Cyndy Aleo-Carreira,


World Wide News image Copyright J. Carreira If you pay any attention at all to the tech blogosphere, you'll notice that there have been several recurrent themes lately. One is the concept of A-listers in any community. While Guy Kawasaki shares the CNET study which feels that information has more of a diamond shape than a pyramid, which information trickling down from the A-listers at the point, Alex Iskold over at ReadWriteWeb notes that the 80-20 rule is in play on Twitter, with 80% of the people reading 20% of the population. In other words, there are still some people everyone is listening to more than others. That was frighteningly obvious on Saturday evening when Roert Scoble ran with the old rumor that Revision3 had been sold to CNET. If it was coming from Scoble, it had to be true, right?

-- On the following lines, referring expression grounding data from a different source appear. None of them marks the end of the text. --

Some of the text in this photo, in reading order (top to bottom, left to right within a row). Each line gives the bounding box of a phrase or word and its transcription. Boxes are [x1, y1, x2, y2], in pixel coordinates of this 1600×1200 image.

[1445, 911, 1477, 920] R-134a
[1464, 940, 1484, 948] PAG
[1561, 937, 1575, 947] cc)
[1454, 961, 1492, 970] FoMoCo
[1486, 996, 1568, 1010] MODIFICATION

At the same time, people are noticing that Web 2.0 hasn't had the same effect on traditional journalism as you might have expected. While many mainstream news outlets have increased their online presence and added reader comments and contributions, the reality is that the focus of what topics and stories are being covered has narrowed tremendously.

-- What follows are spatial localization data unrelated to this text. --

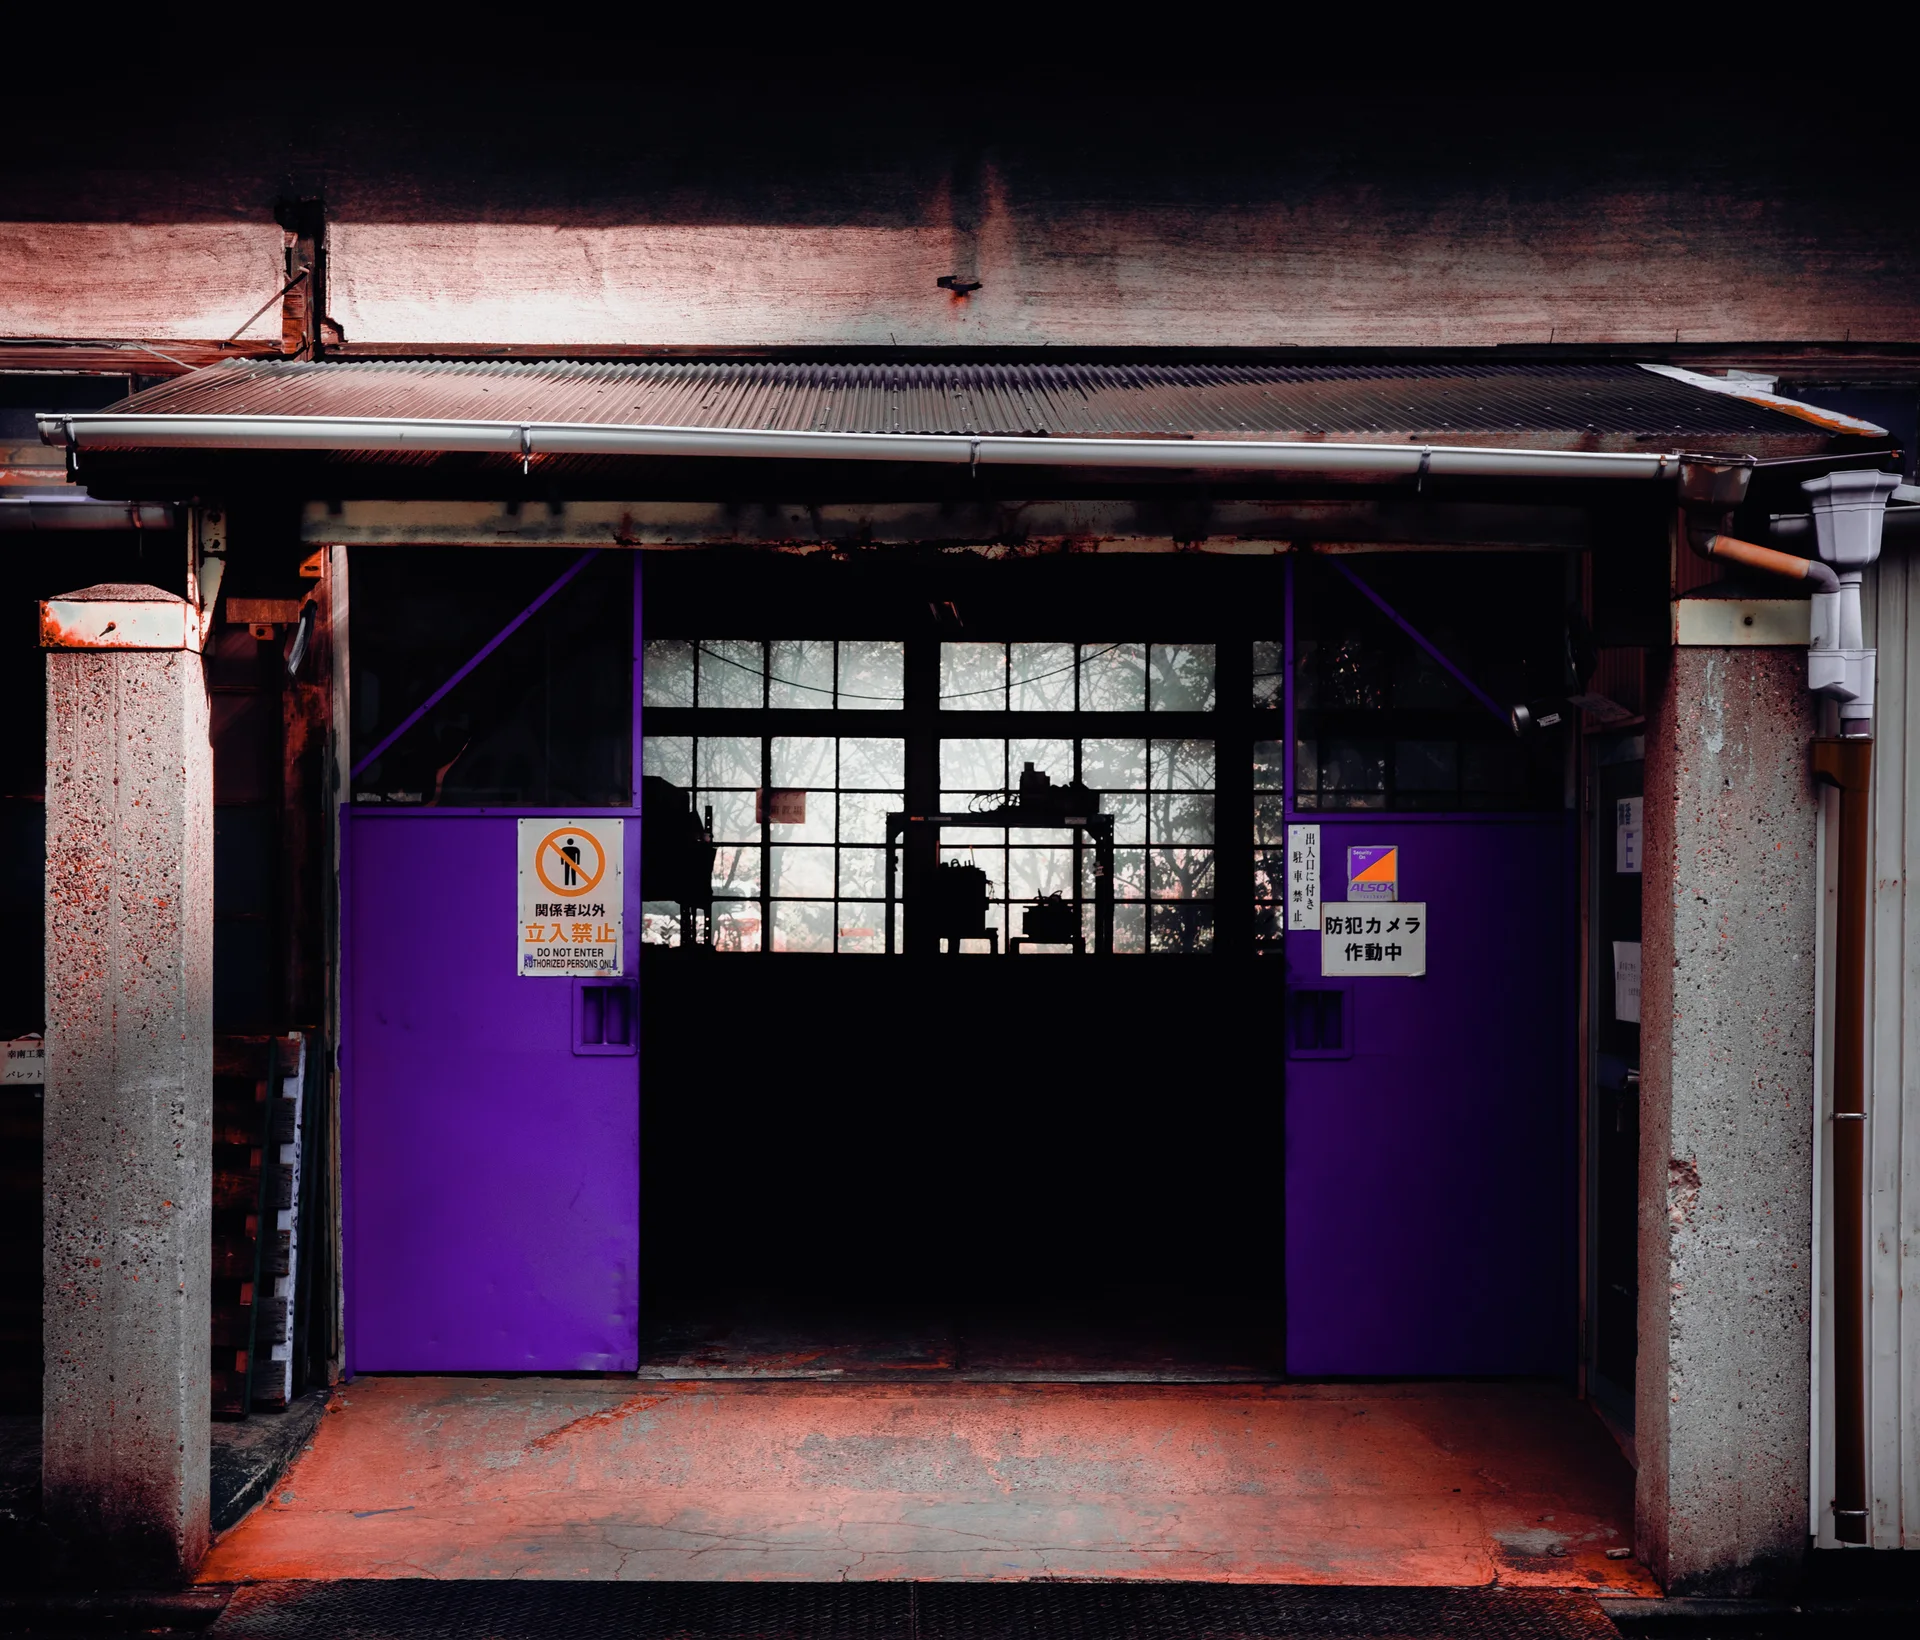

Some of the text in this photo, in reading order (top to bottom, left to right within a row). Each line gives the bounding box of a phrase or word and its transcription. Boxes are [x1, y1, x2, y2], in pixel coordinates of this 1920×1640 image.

[1305, 832, 1316, 910] 出入口に付き
[1292, 851, 1303, 923] 駐車禁止
[1349, 883, 1395, 893] ALSOK
[535, 903, 606, 918] 関係者以外
[525, 922, 617, 944] 立入禁止
[1325, 916, 1421, 935] 防犯カメラ
[537, 948, 604, 958] DO NOT ENTER
[1344, 942, 1403, 962] 作動中
[524, 959, 565, 968] AUTHORIZED
[567, 959, 598, 968] PERSONS
[6, 1070, 42, 1078] パレット

This same trend is noticeable in tech news as well. Whether it's an older aggregator like Techmeme or a newer one like Yahoo Buzz, (our coverage) the same stories from the same sources pop up again and again. It's not unusual to see 20 blogs listed under the same headline on Techmeme.

Mike Arrington references the politics involved in blogging, which may explain some of the issue. The blogs that get the majority of the attention are either established players, or sites that have been taken under the wing of an established player. If you think of Techmeme as homecoming and the “big bloggers” like the popular kids, I suppose that rings true, but it's depressing as a writer to read a post like that and realize that the real reward is based on how well you play the game. In what Henry Blodget refers to as Arrington's rambling manifesto, Arrington claims that even a new blog coming in with a pile of venture capital would be left on the outside unless they, too, learned to play the political game in tech news.

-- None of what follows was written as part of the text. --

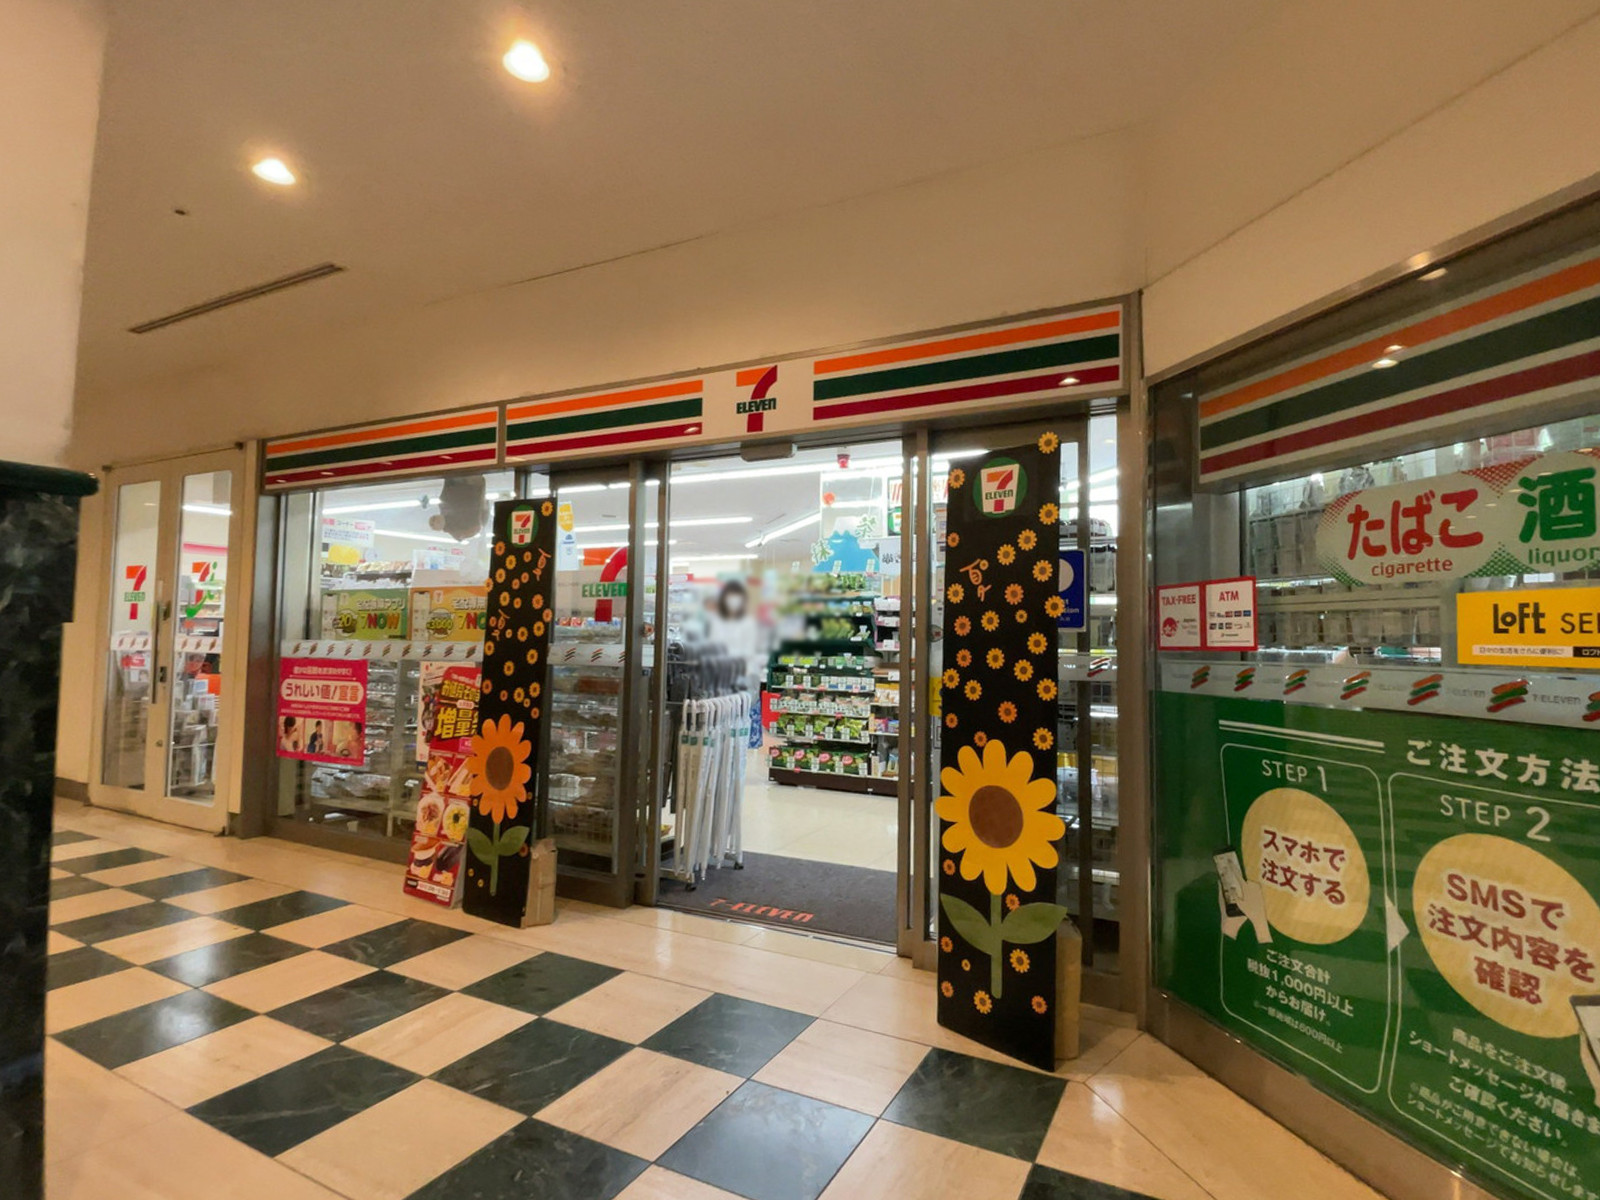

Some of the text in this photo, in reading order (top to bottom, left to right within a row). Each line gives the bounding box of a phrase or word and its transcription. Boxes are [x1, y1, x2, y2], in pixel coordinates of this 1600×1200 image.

Still not sure how this whole new-journalism success story works in tech? Watch Techmeme over the weekend. With few companies actually generating news, you'll see the tabloid-esque fun of bloggers arguing, name-calling, and generating tons of hits. When Louis Gray claimed that TechCrunch's Duncan Riley was off base in his assessment of FriendFeed (which, by the way, I had agreed with almost a month earlier, before all the “A-listers” decided it was the best thing since sliced bread), Riley's expletive-laced Tweet and associated blog reactions lit up Techmeme for yet another day. Not sure how this shakes out into joining the cool crowd? Most of the bloggers listed in Louis Gray's initial A-lister post saw a bump in readers as well as Twitter followers. In fact, he updated the entry to give a shout-out to all the new readers, as well as add to his list of “elites.” Corvida of SheGeeks noted that her follows on Twitter more than doubled.

This is just one example that makes me wonder exactly what we consider news anymore. I'll never be one of the cool kids. I generally don't tend to write about stories that get headlines on Techmeme, mainly because I'm still looking for and reading about things that interest me. I'm probably in the wrong type of job in that regard, since the key to being a successful and widely read blogger is getting the story that will be popular and getting it first. It's making me miss the old days of a longer news cycle and a wider focus in what's considered news, because I'd much rather read about the 89-year-old in Malaysia using the web for her political campaign than the latest blogger slapfest.